Chapter 39
I walked home under a bright, sunny sky with relatively little honking in New York City.
It almost felt like the city had felt it fit to declare today a sort of holiday for what we had accomplished—securing Virtual Realty as our first major investment, beating out the bastard of an old man Edwin Hunt.
Compared to the last major night out, this was a rather sharp contrast to blacking out with a random Columbia co-ed.
I’d left Claire McLendon, the founder of our first company we’d invested in, Rising Sun, satisfied and unable to move in the best way possible in bed.
I’d barely found the strength in my own legs, but I had all the strength in the world in my head.
I felt not just on top of the world, but soaring above it.
Which made it all the more surprising, if not necessarily disconcerting, that I found my brother, Morgan, sitting on my couch as if I had left him there—which I most certainly had not.
“You aren’t at your place?” I said. “And how did you get a key to my place?”
“You gave it to me the night you got shitfaced hammered after the disaster with Burnson Investments,” he said. “You said that for what I did for you, I could have a key anytime I needed help from you. And, well…”
I already knew where this was going. I didn’t need it spelled out for me, because the actions of all of the Hunts had spelled out for me what had happened already.

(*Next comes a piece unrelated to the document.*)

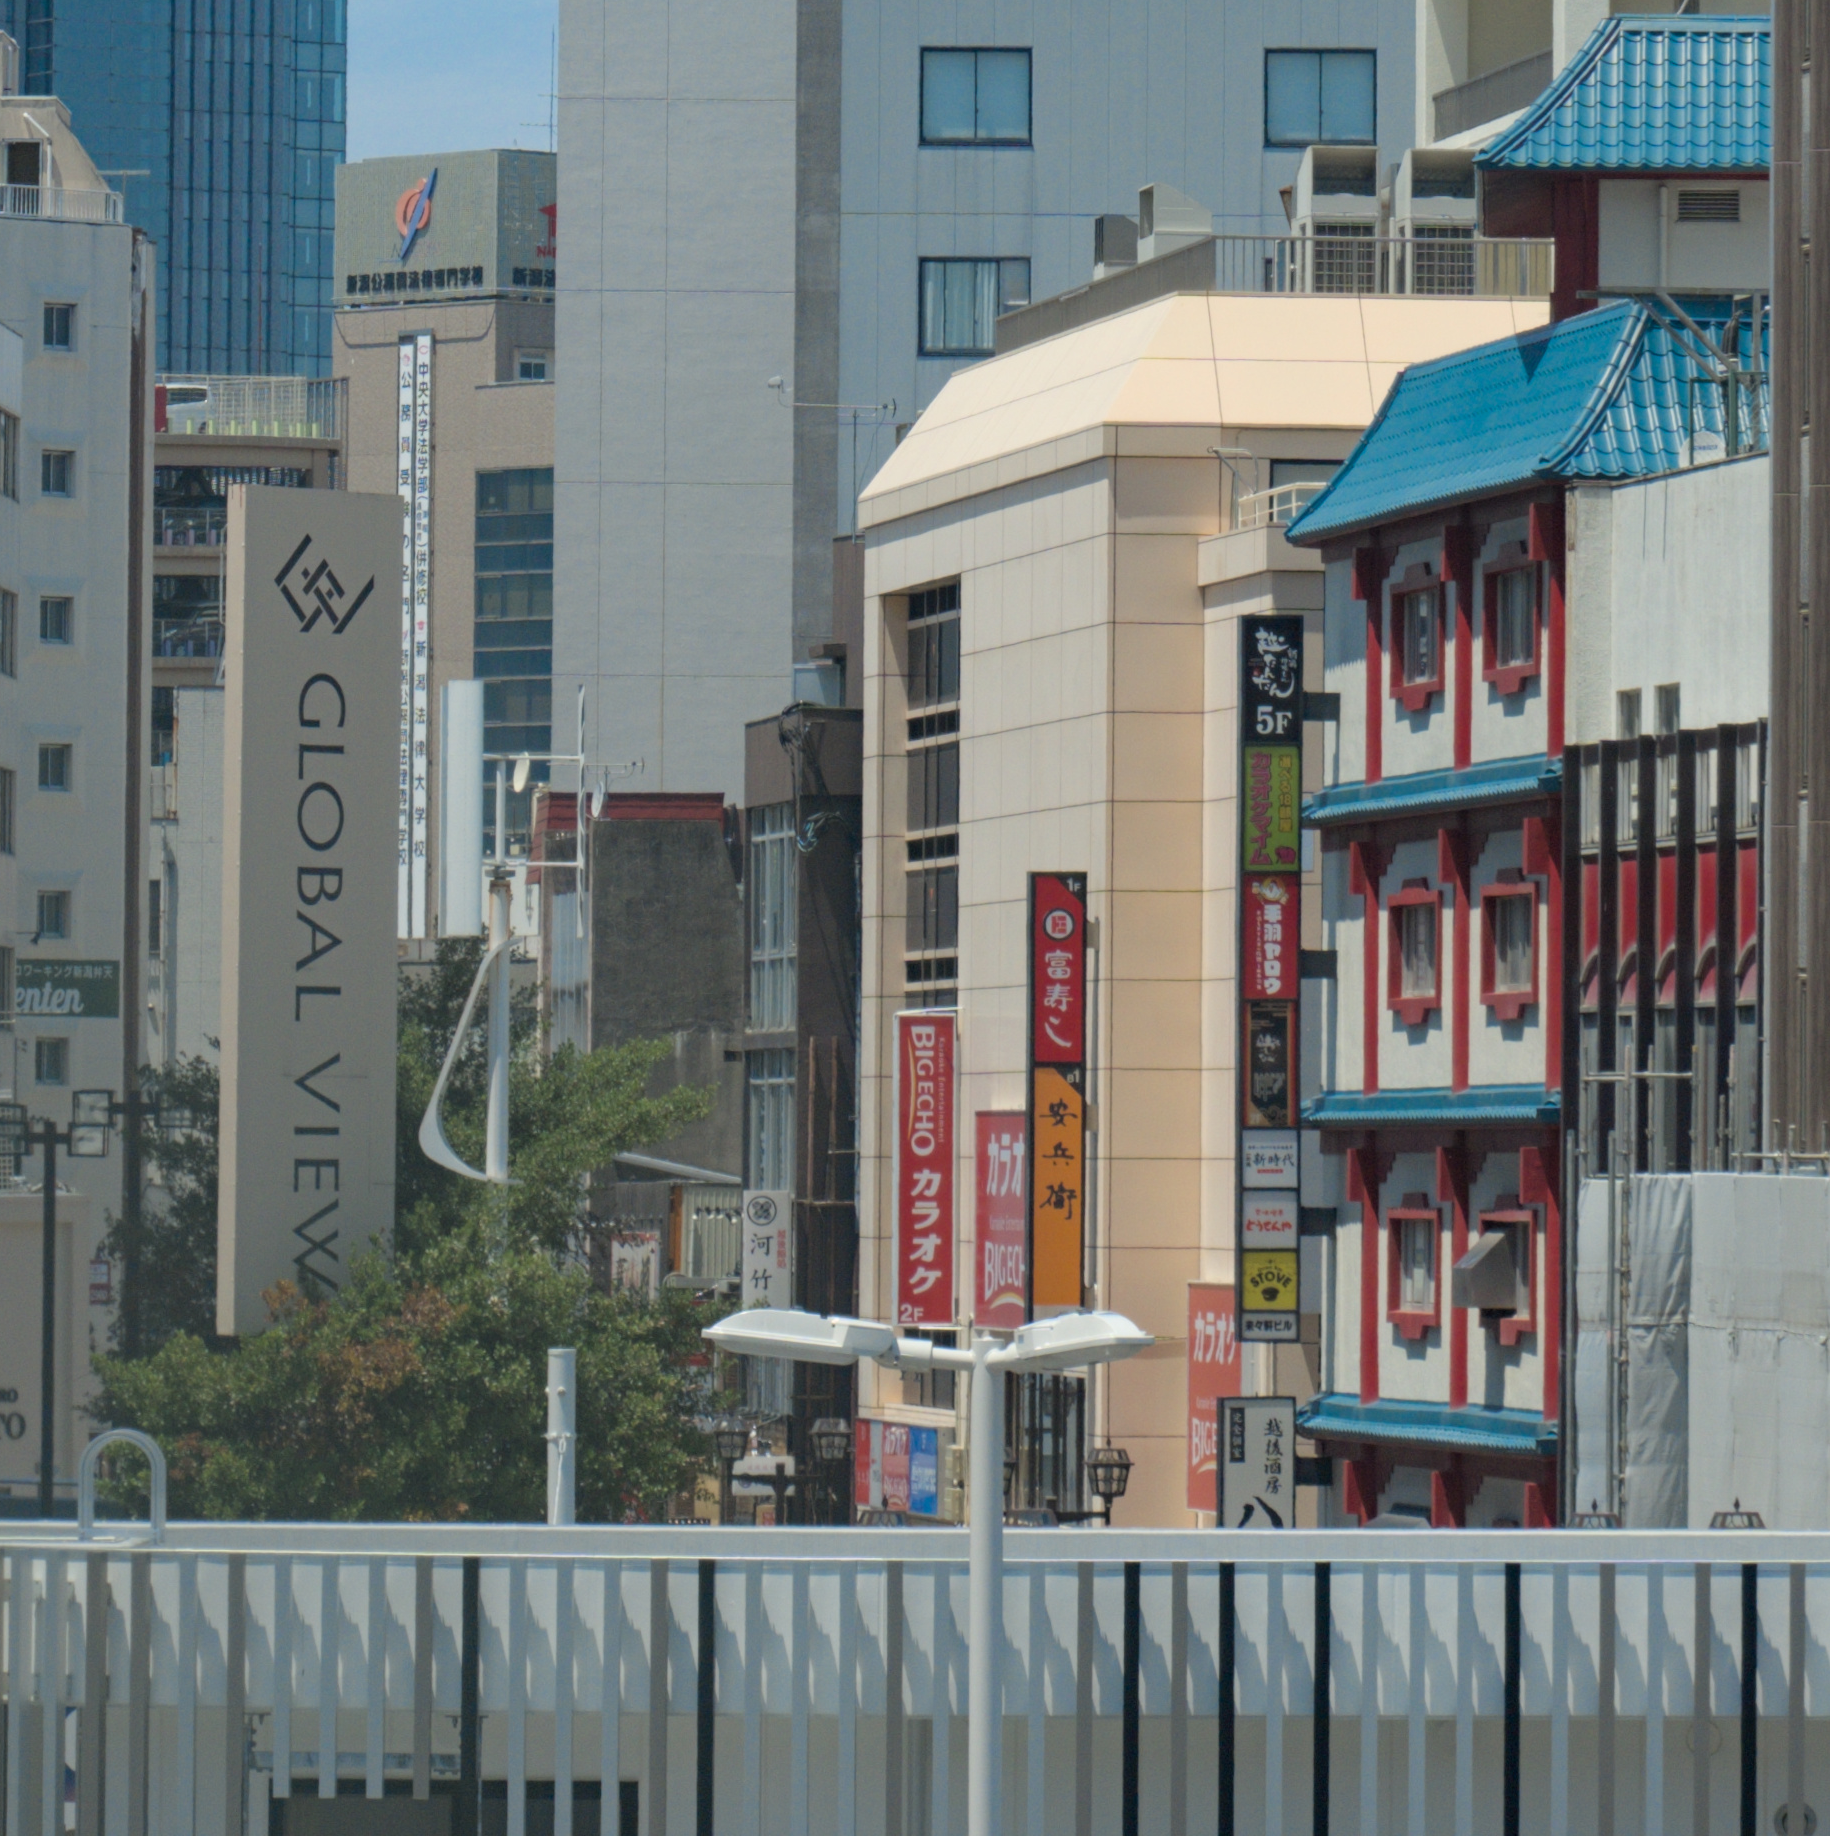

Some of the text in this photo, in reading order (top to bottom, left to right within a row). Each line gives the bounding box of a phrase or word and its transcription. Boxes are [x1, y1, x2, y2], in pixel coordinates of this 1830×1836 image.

“What the hell did Edwin Hunt do to you?”
Morgan just laughed.
“He was paying for my place,” he said. “Was. Then he got the leasing officer to kick me out and warned that if I tried to keep the place, he would destroy me with legal fees until I cried for mercy. I figured I could at least come here.”
“Of course,” I said, but I was just feeling sick rage at Edwin Hunt. His only son! And he treated him like a piece of garbage to dispose of. “You and I are going to operate MCH out of this apartment.”
“Good,” he said, though he spoke with what sounded like false confidence and bravado. “Between Rising Sun and Virtual Realty, we have quite the portfolio to start.”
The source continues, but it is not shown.